The Russian airstrike on the Mariupol Drama Theater

The Center for Spatial Technologies (UA)

The destruction and subsequent occupation of Mariupol by the Russian Armed Forces have fragmented its communities, leaving most survivors dispersed across different regions of Ukraine, other parts of Europe, and beyond reconstruction. This project looks at the bombing of the Mariupol Drama Theater as an emblem of Russia's strategies of terror. Our aim is to assemble the voices of members of the Mariupol Theater diaspora within a digital project of reconstruction.

The CST team has collected and analyzed thousands of social media posts, photographs, and videos in addition to recording over one hundred hours of interviews with witnesses. With no access to the site and with the systematic destruction of both physical and digital evidence, these recollections constitute an essential historical document. We used the model as a backdrop for situated testimonies and later to locate visual materials documenting the theater during the siege and after its occupation.

Our team identified sixty eyewitnesses of the events, out of which twenty-seven agreed to talk to us on record. We invited ten witnesses to participate in further interview sessions using the “situated testimony” technique developed by our partnering organization, Forensic Architecture.

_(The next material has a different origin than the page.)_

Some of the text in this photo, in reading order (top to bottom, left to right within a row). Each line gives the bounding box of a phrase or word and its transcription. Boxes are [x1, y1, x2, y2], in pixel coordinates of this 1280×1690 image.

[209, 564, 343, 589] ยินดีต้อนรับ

This collaborative reconstruction process allowed survivors to ‘walk’ through the virtual space and model different aspects of the building as they remembered it. This process facilitated recollection and helped our team to fill in missing details in the digital models. As each witness recalled their part in this complex event, the model became an increasingly rich assemblage of collective memory.

theater.spatialtech.info/

This study is conducted by the Center for Spatial Technologies (CST) in collaboration with Forensis & Forensic Architecture. We were working with numerous external contributors to make this project happen.  

 

Core CST team: Maksym Rokmaniko, Mykola Holovko, Daryna Vilkhova, Ksenia Rybak, Valeria Prorizna, Andrii Onyshchenko, Oksana Hrabchak, Sasha Zakrevska, Natasha Pereverzina, Herman Mitish, Orest Yaremchuk.

 

The Mariupol Theater Project is a long-term endeavor, realized through stages with the support of various financial contributions. The initial research phase, focused on gathering detailed information about the tragedy and planning subsequent activities, was funded by the Porticus Foundation. This foundational work, done in collaboration with Forensic Architecture / Forensis, set the groundwork for a comprehensive approach to documenting and analyzing the events.

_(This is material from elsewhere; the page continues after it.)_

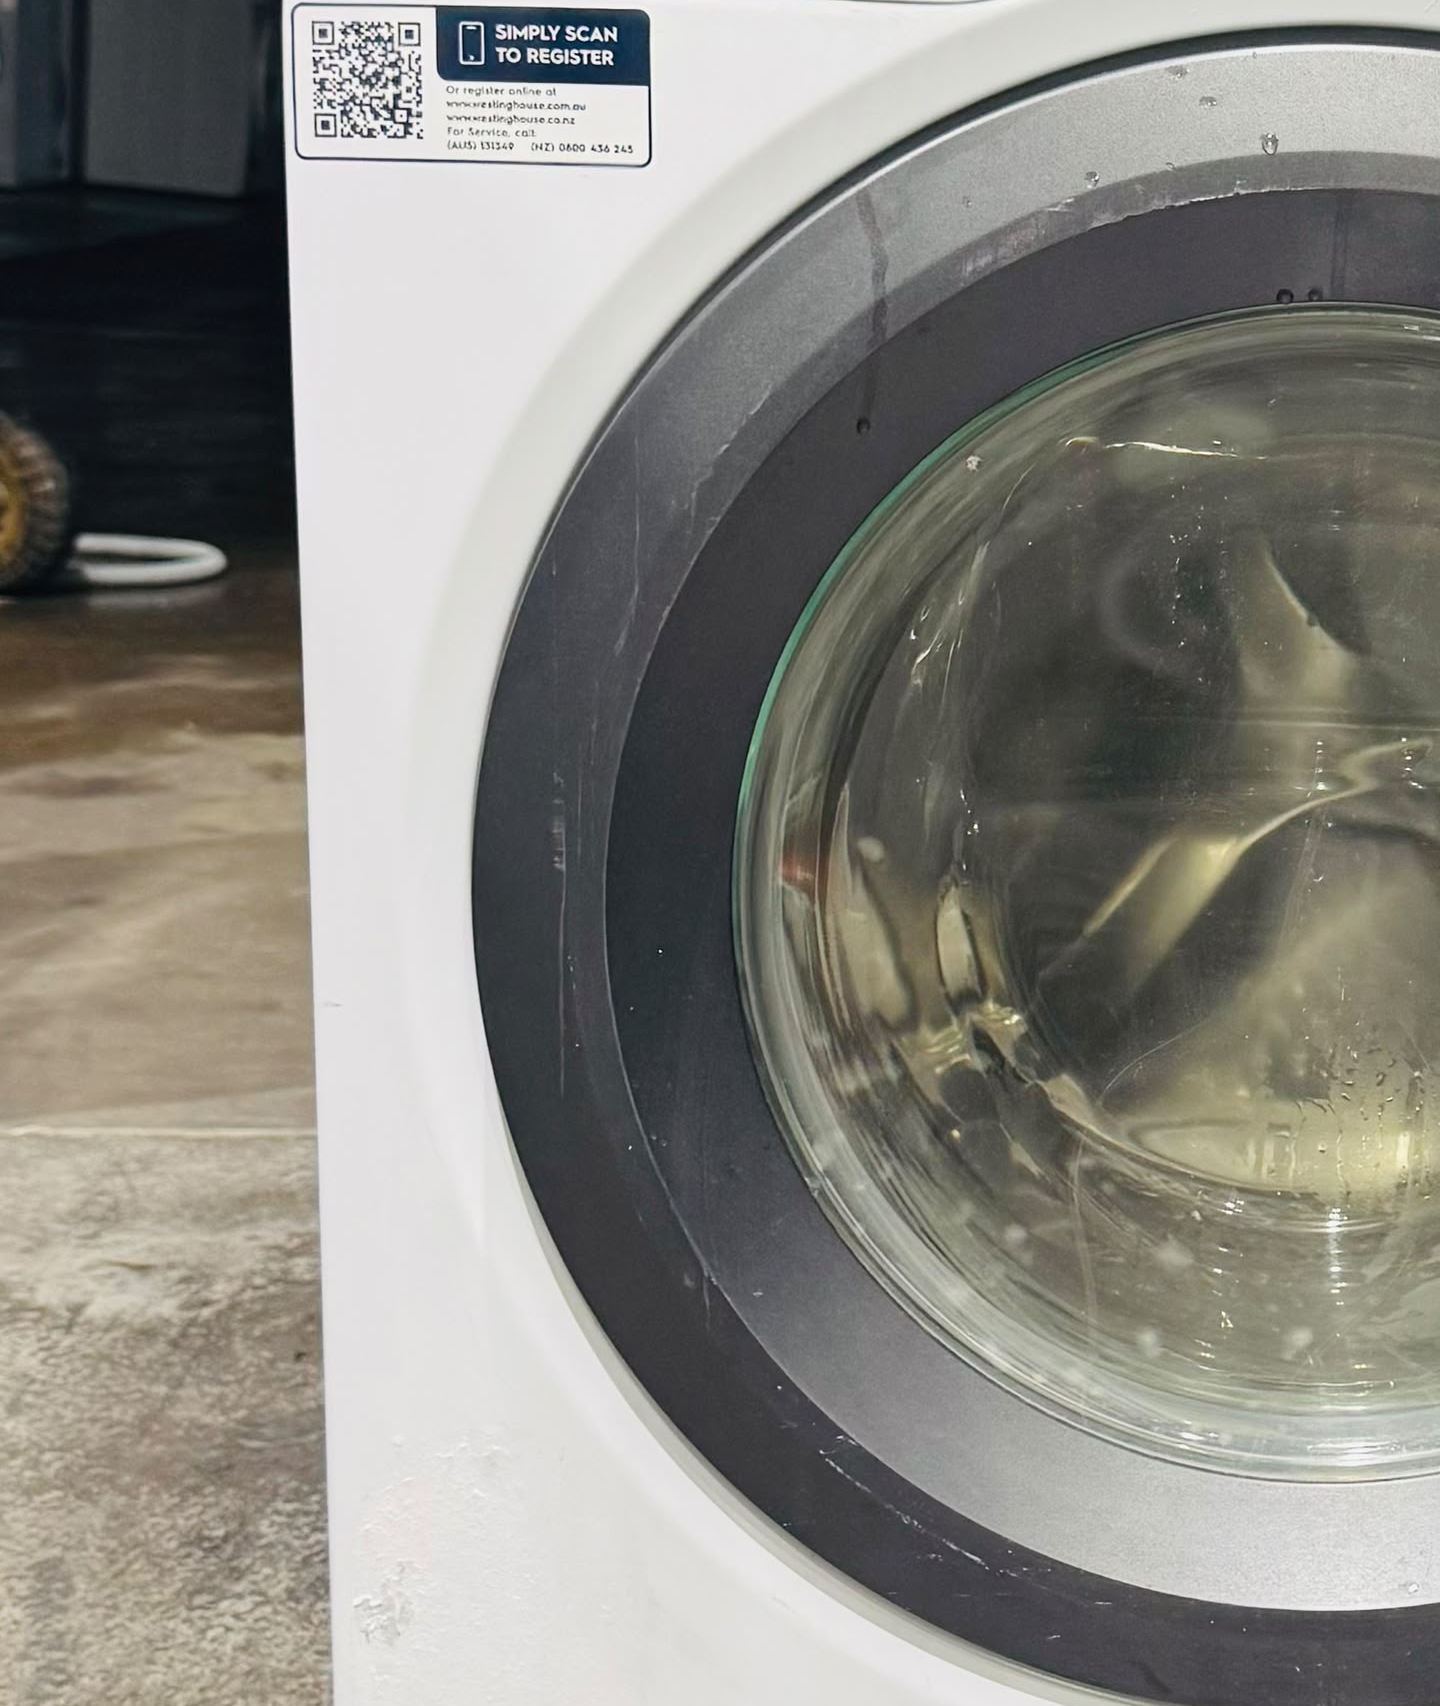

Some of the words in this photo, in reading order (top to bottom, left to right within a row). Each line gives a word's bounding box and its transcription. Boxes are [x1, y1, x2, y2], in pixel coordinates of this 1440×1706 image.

Following this, the recording of 12 interviews in the "situational testimony" format, conducted in Kyiv and Berlin, was supported by the ISAR Ednannia Foundation. The International Renaissance Foundation then contributed to the processing and preparation of these interviews for publication. In November 2023, the House of Europe program provided funds for public events in Berlin and Kyiv, aiming to share our research findings with a broader audience.

Detailed List of Credits and Contributions https://theater.spatialtech.info/en/credits 

The Center for Spatial Technologies (CST) is a transdisciplinary research group based in Kyiv and Berlin, at the intersection of architecture, the social sciences, investigative and artistic practices. Focused on the multifaceted study of urban environments across time, CST collaborates with a diverse array of cultural, academic, and human rights organizations to render visible various societal important issues, and their spatial implications. CST's works are featured on leading global platforms, including The New York Times, the Venice Biennale, and President Volodymyr Zelensky's social media.

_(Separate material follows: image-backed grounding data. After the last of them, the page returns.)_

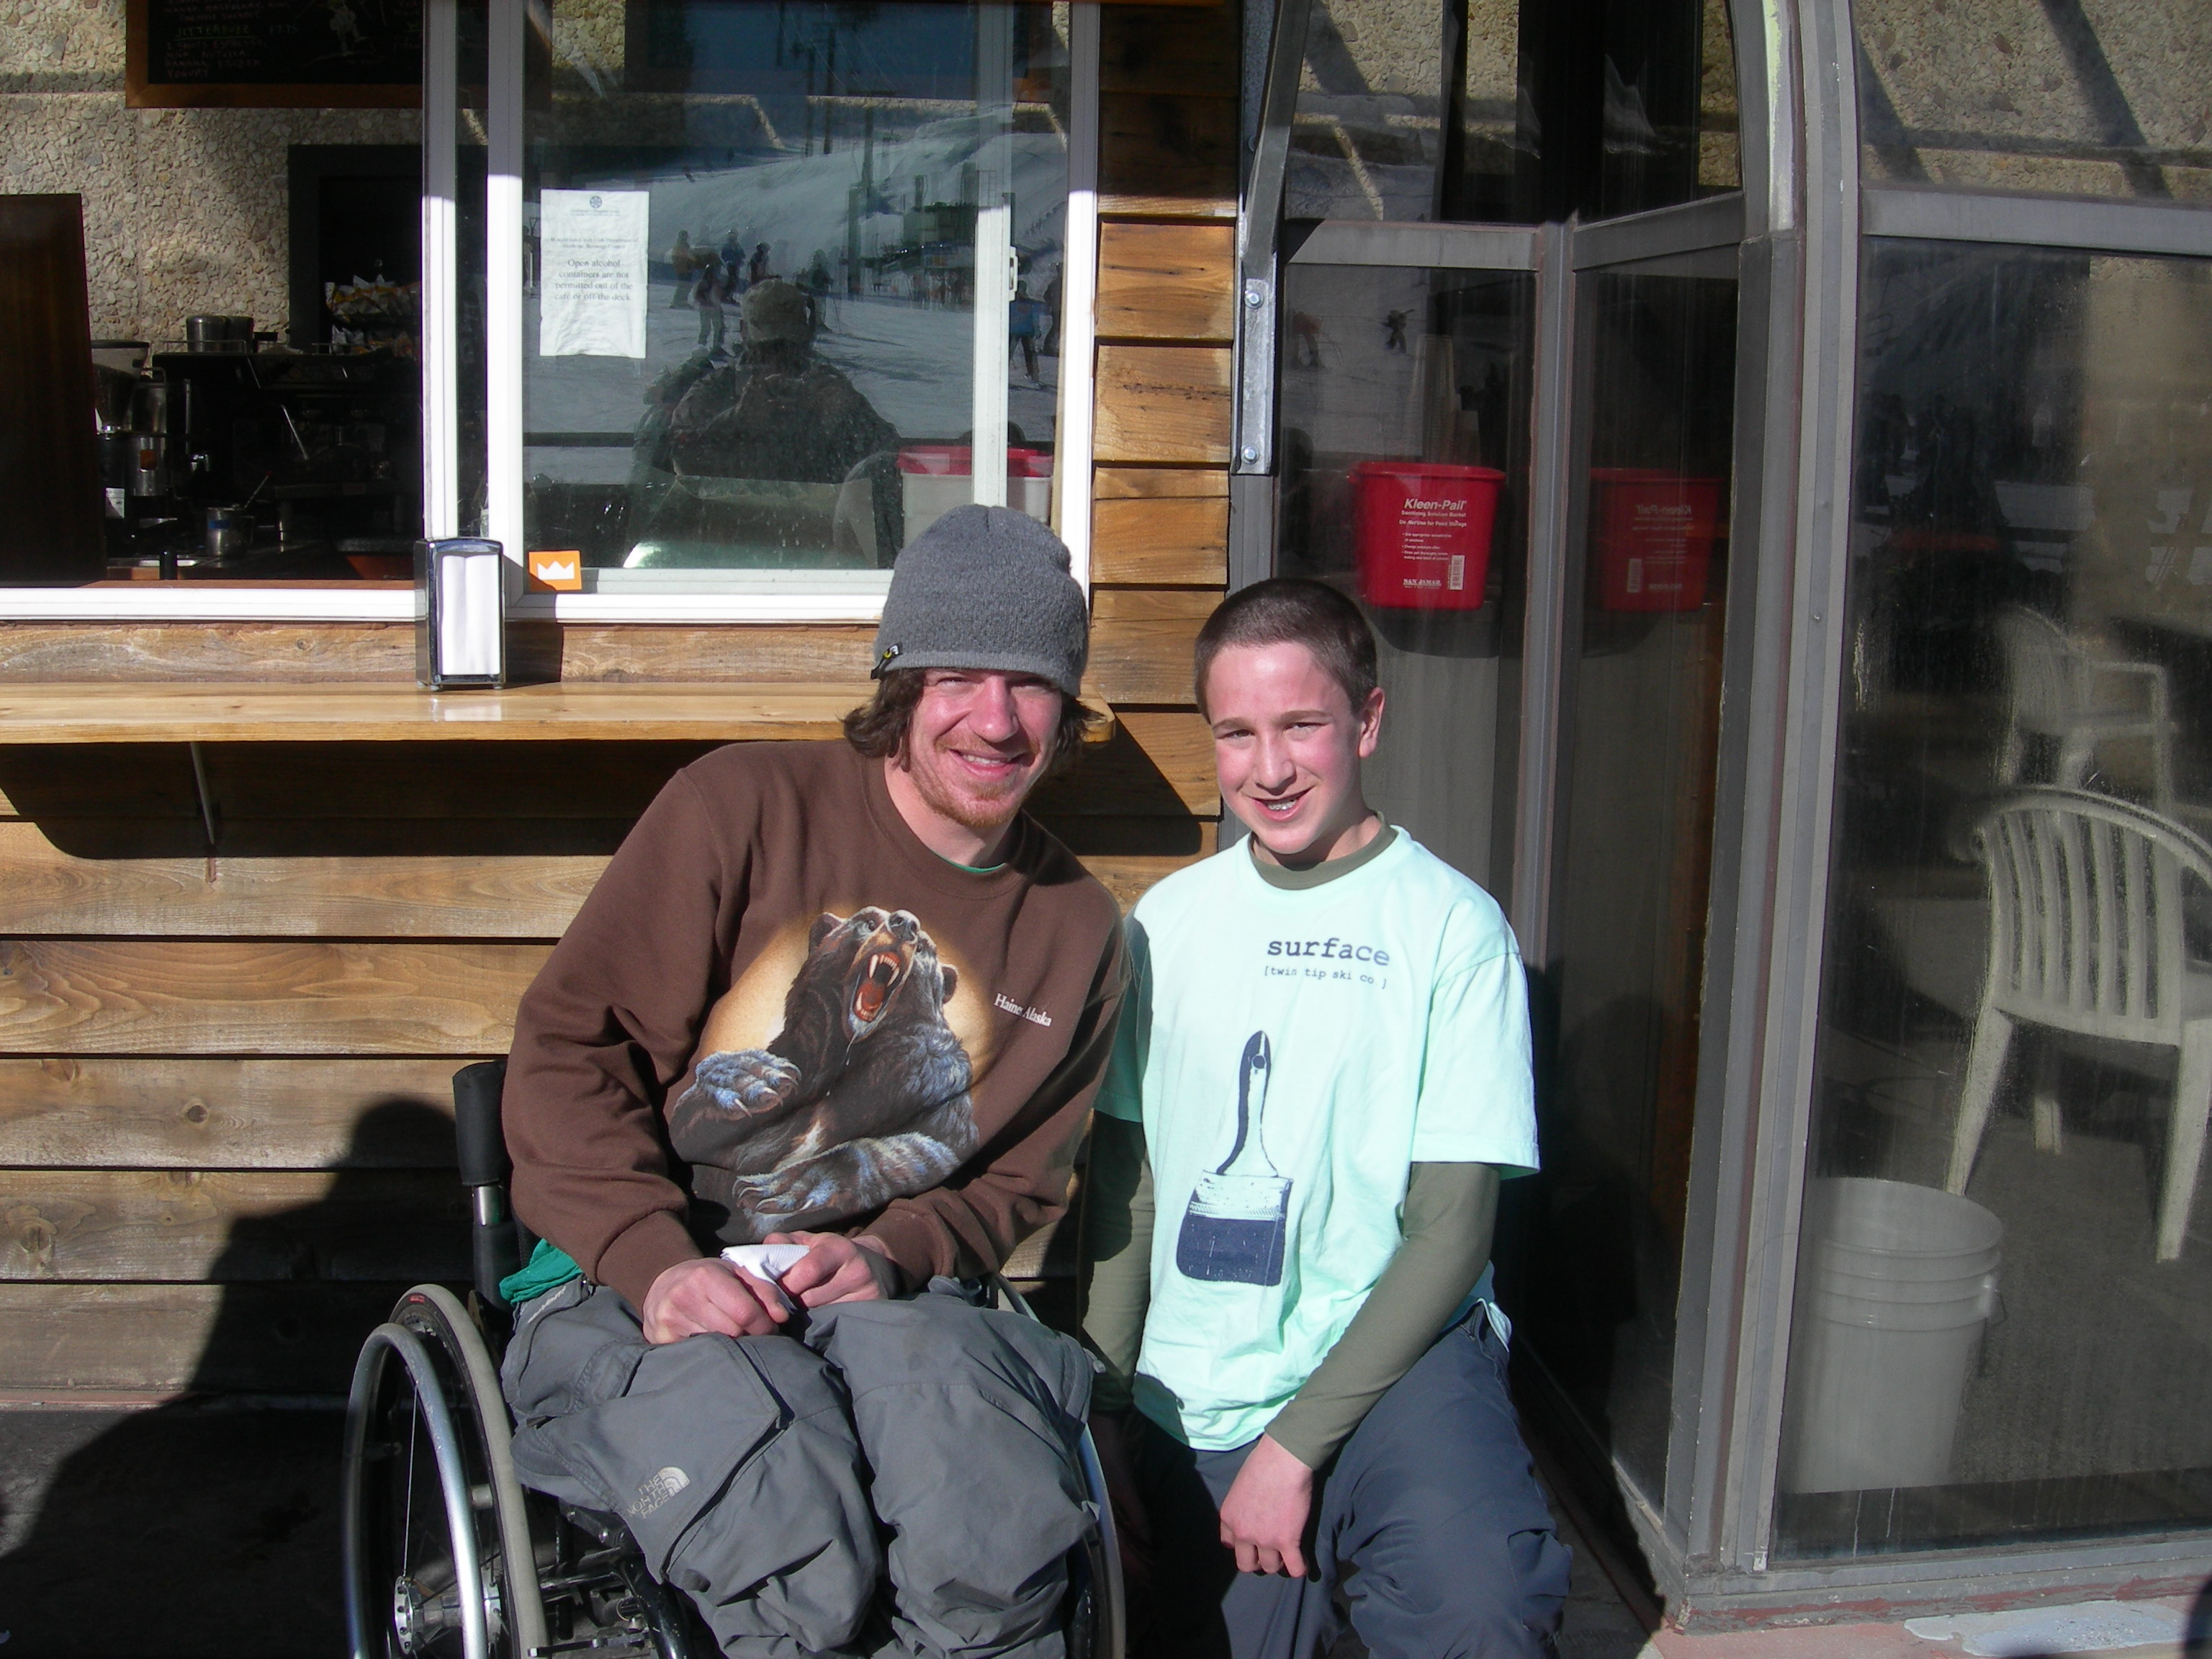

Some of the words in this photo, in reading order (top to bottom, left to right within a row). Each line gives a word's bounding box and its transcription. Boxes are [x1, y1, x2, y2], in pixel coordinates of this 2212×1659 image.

[567, 258, 590, 269] Open
[591, 258, 621, 267] alcohol
[555, 282, 593, 291] permitted
[583, 292, 596, 301] off
[598, 292, 611, 301] the
[1404, 498, 1465, 511] Kleen-Pail
[1267, 938, 1390, 966] surface
[1305, 968, 1326, 980] tip
[1332, 970, 1352, 980] ski
[994, 992, 1024, 1016] Haine
[1022, 1006, 1052, 1028] Alaska
[637, 1473, 662, 1495] THE
[627, 1482, 667, 1517] NORTH
[640, 1491, 670, 1519] FACE

The Russian airstrike on the Mariupol Drama Theater merges art, technology, and activism to honour the resilience of the Mariupol community post-tragedy. Led by the Center for Spatial Technologies, it redefines documentation through multimedia installations and witness testimonies, inviting audiences to engage empathetically. With citizen engagement at its core, this initiative is a testament to the power of citizen science in amplifying marginalised voices and challenging historical narratives.